◆ PROBLEM TO WORK ON ◆
When you reach a picture, skip it, and retype every line below exactly.
┌──
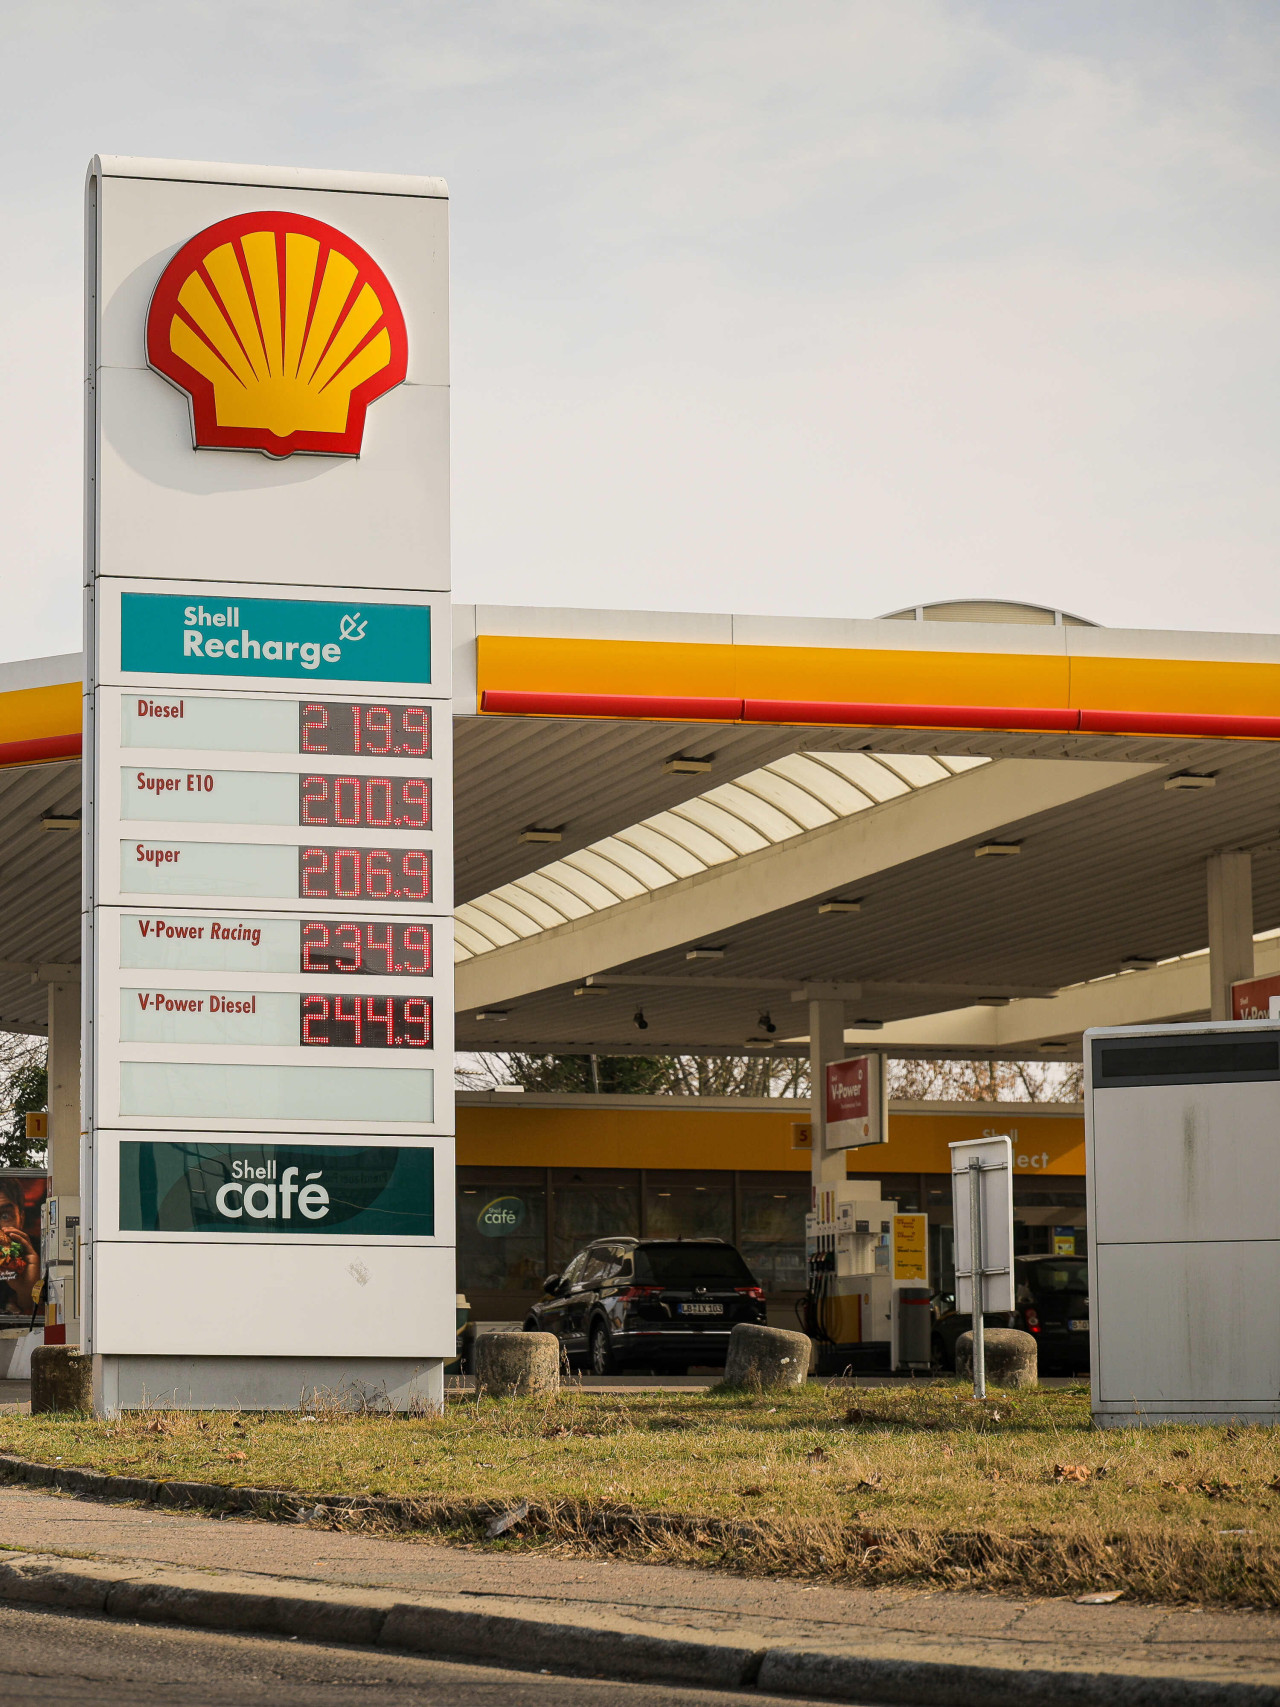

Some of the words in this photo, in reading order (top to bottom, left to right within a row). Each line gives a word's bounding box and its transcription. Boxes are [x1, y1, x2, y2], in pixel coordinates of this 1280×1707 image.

[184, 606, 239, 627] Shell
[184, 630, 342, 670] Recharge
[138, 699, 184, 718] Diesel
[302, 704, 429, 755] 219.9
[137, 772, 181, 795] Super
[187, 774, 214, 792] E10
[302, 776, 429, 827] 200.9
[136, 844, 180, 867] Super
[302, 848, 429, 899] 206.9
[139, 919, 204, 939] V-Power
[210, 922, 261, 946] Racing
[302, 922, 430, 973] 234.9
[138, 993, 203, 1012] V-Power
[210, 995, 256, 1014] Diesel
[1240, 1006, 1269, 1020] V-Pow
[302, 995, 430, 1046] 244.9
[831, 1083, 862, 1100] V-Power
[35, 1119, 41, 1131] 1
[799, 1129, 809, 1142] 5
[982, 1128, 1018, 1143] Shll
[1012, 1149, 1050, 1168] lect
[232, 1160, 277, 1180] Shell
[215, 1166, 330, 1219] café
[484, 1209, 516, 1224] café
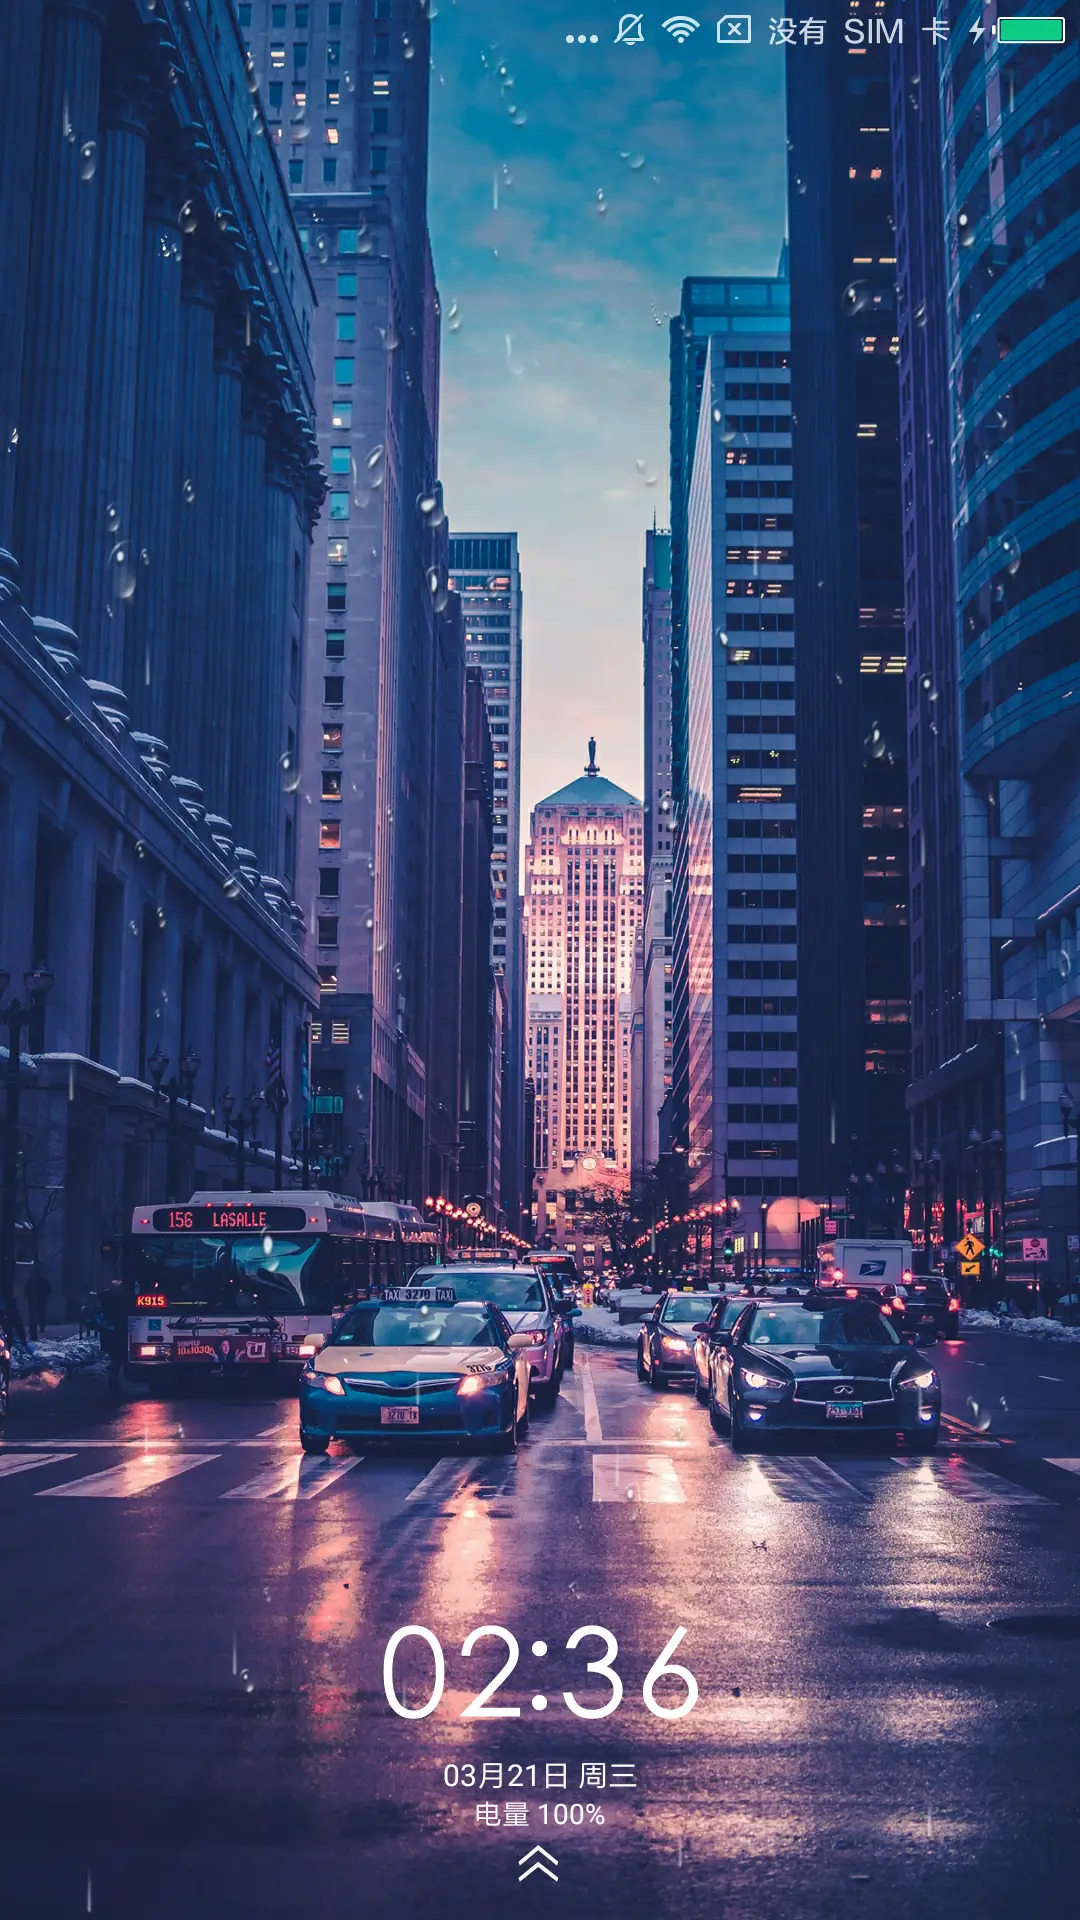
└──
◆ EXERCISE RESULT ◆
Some of the words in this photo, in reading order (top to bottom, left to right within a row). Each line gives a word's bounding box and its transcription. Boxes are [x1, y1, x2, y2], in pixel coordinates of this 1280×1707 image.

[184, 606, 239, 627] Shell
[184, 630, 342, 670] Recharge
[138, 699, 184, 718] Diesel
[302, 704, 429, 755] 219.9
[137, 772, 181, 795] Super
[187, 774, 214, 792] E10
[302, 776, 429, 827] 200.9
[136, 844, 180, 867] Super
[302, 848, 429, 899] 206.9
[139, 919, 204, 939] V-Power
[210, 922, 261, 946] Racing
[302, 922, 430, 973] 234.9
[138, 993, 203, 1012] V-Power
[210, 995, 256, 1014] Diesel
[1240, 1006, 1269, 1020] V-Pow
[302, 995, 430, 1046] 244.9
[831, 1083, 862, 1100] V-Power
[35, 1119, 41, 1131] 1
[799, 1129, 809, 1142] 5
[982, 1128, 1018, 1143] Shll
[1012, 1149, 1050, 1168] lect
[232, 1160, 277, 1180] Shell
[215, 1166, 330, 1219] café
[484, 1209, 516, 1224] café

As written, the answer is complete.